An exact copy of every record, without the pictures, is what should come back.

=== EXTRACTED MATERIAL ===
+ + +
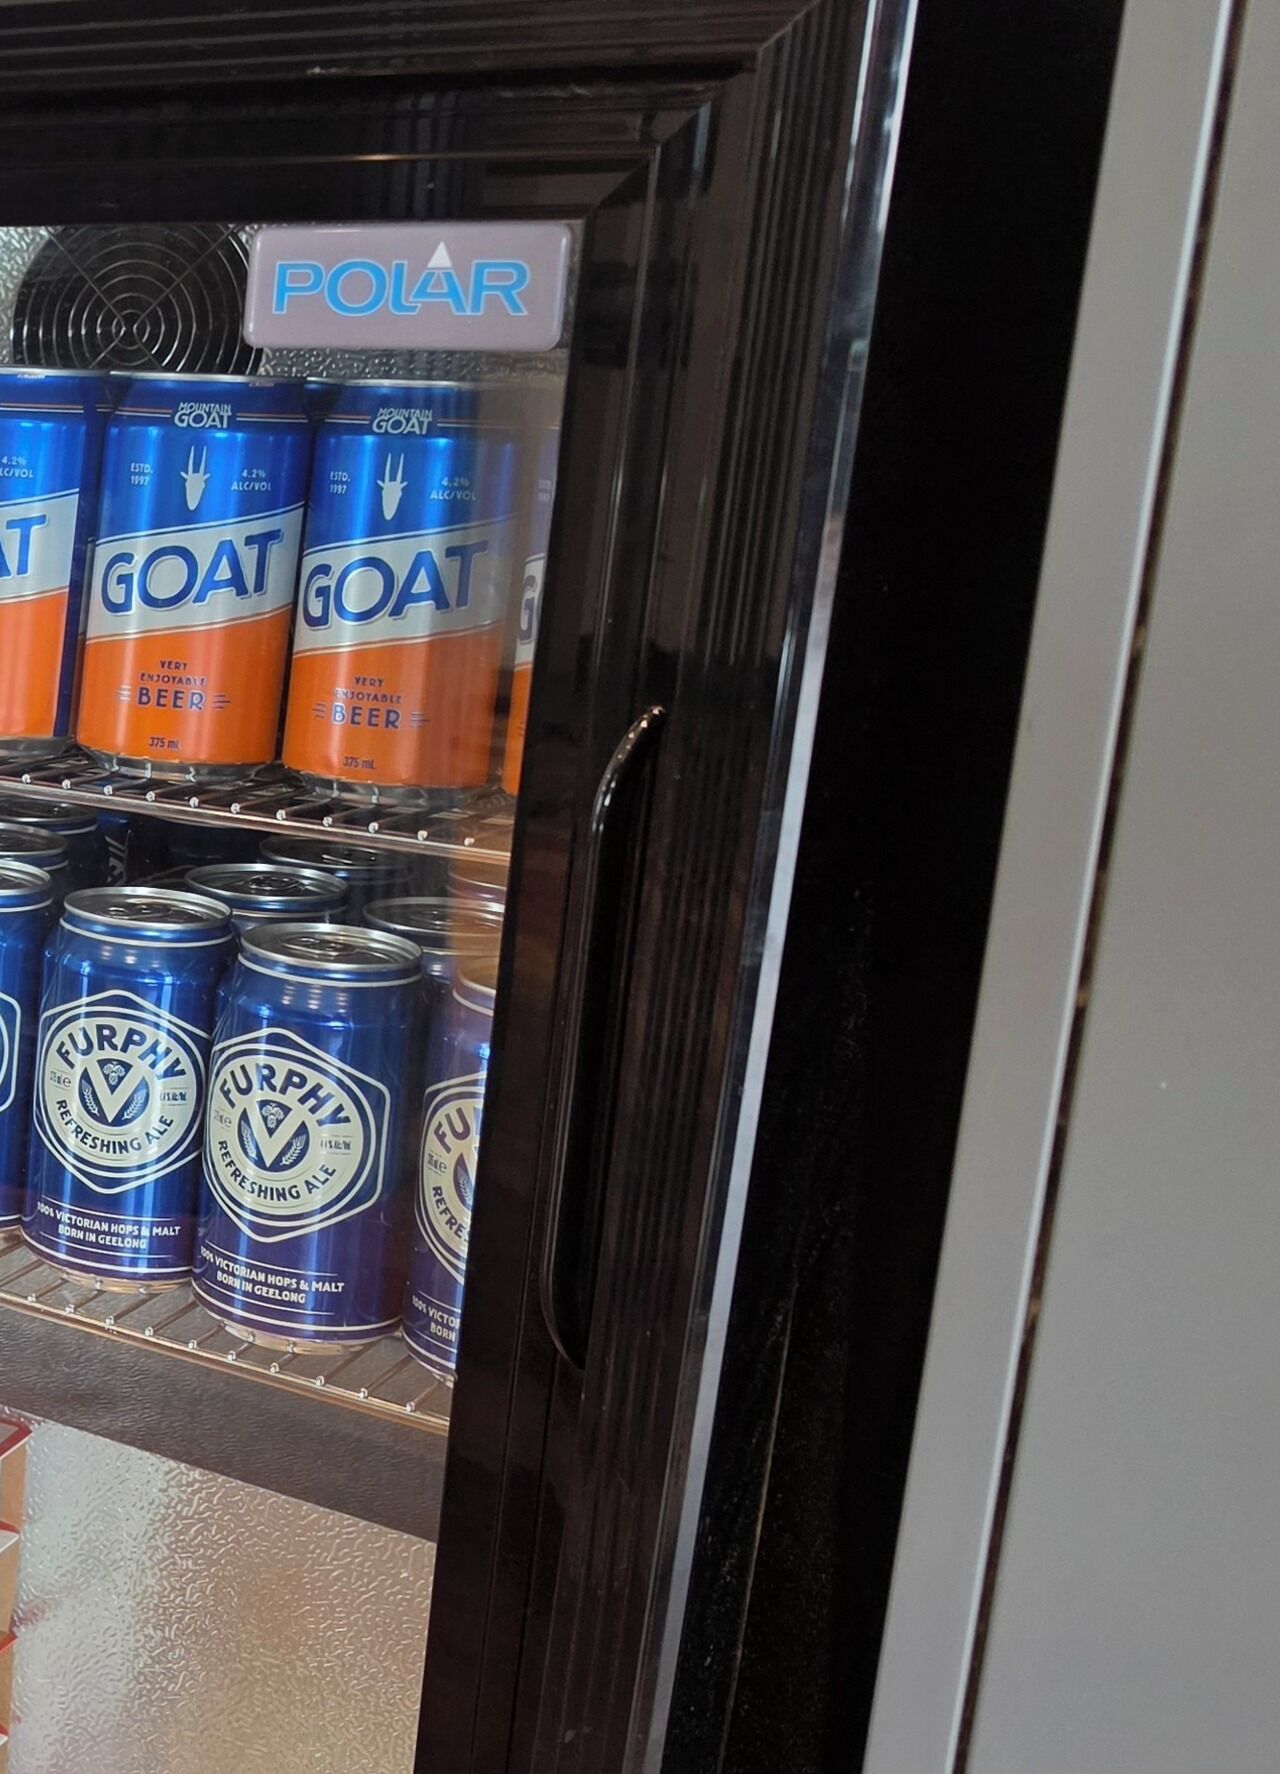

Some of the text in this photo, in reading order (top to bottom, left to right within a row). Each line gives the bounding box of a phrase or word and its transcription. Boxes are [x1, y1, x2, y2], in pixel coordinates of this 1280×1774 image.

[272, 240, 530, 316] POLAR
[178, 401, 232, 415] MOUNTAIN
[377, 407, 433, 421] MOUNTAIN
[174, 411, 232, 429] GOAT
[372, 417, 433, 435] GOAT
[130, 475, 149, 487] 1997
[231, 480, 271, 492] ALC/VOL
[330, 471, 351, 483] ESTD.
[329, 483, 347, 495] 1997
[430, 489, 477, 501] ALC/VOL
[100, 528, 284, 616] GOAT
[302, 540, 488, 631] GOAT
[159, 659, 188, 671] VERY
[140, 672, 208, 687] ENJOYABLE
[354, 676, 384, 688] VERY
[137, 687, 205, 711] BEER
[331, 703, 402, 729] BEER
[148, 736, 164, 749] 375
[343, 755, 361, 769] 375
[56, 1023, 188, 1081] FURPHY
[219, 1062, 352, 1128] FURPHY
[56, 1098, 175, 1155] REFRESHING ALE
[218, 1139, 337, 1202] REFRESHING ALE
[56, 1208, 109, 1232] VICTORIAN
[110, 1222, 139, 1236] HOPS
[152, 1225, 181, 1237] MALT
[58, 1222, 84, 1241] BORN
[97, 1232, 147, 1249] GEELONG
[214, 1256, 266, 1283] VICTORIAN
[267, 1273, 298, 1289] HOPS
[311, 1279, 345, 1293] MALT
[216, 1269, 240, 1291] BORN
[253, 1283, 307, 1304] GEELONG
[428, 1305, 461, 1329] VICTO
[429, 1321, 457, 1343] BORN
+ + +
=== THE ANSWER ===
Some of the text in this photo, in reading order (top to bottom, left to right within a row). Each line gives the bounding box of a phrase or word and its transcription. Boxes are [x1, y1, x2, y2], in pixel coordinates of this 1280×1774 image.

[272, 240, 530, 316] POLAR
[178, 401, 232, 415] MOUNTAIN
[377, 407, 433, 421] MOUNTAIN
[174, 411, 232, 429] GOAT
[372, 417, 433, 435] GOAT
[130, 475, 149, 487] 1997
[231, 480, 271, 492] ALC/VOL
[330, 471, 351, 483] ESTD.
[329, 483, 347, 495] 1997
[430, 489, 477, 501] ALC/VOL
[100, 528, 284, 616] GOAT
[302, 540, 488, 631] GOAT
[159, 659, 188, 671] VERY
[140, 672, 208, 687] ENJOYABLE
[354, 676, 384, 688] VERY
[137, 687, 205, 711] BEER
[331, 703, 402, 729] BEER
[148, 736, 164, 749] 375
[343, 755, 361, 769] 375
[56, 1023, 188, 1081] FURPHY
[219, 1062, 352, 1128] FURPHY
[56, 1098, 175, 1155] REFRESHING ALE
[218, 1139, 337, 1202] REFRESHING ALE
[56, 1208, 109, 1232] VICTORIAN
[110, 1222, 139, 1236] HOPS
[152, 1225, 181, 1237] MALT
[58, 1222, 84, 1241] BORN
[97, 1232, 147, 1249] GEELONG
[214, 1256, 266, 1283] VICTORIAN
[267, 1273, 298, 1289] HOPS
[311, 1279, 345, 1293] MALT
[216, 1269, 240, 1291] BORN
[253, 1283, 307, 1304] GEELONG
[428, 1305, 461, 1329] VICTO
[429, 1321, 457, 1343] BORN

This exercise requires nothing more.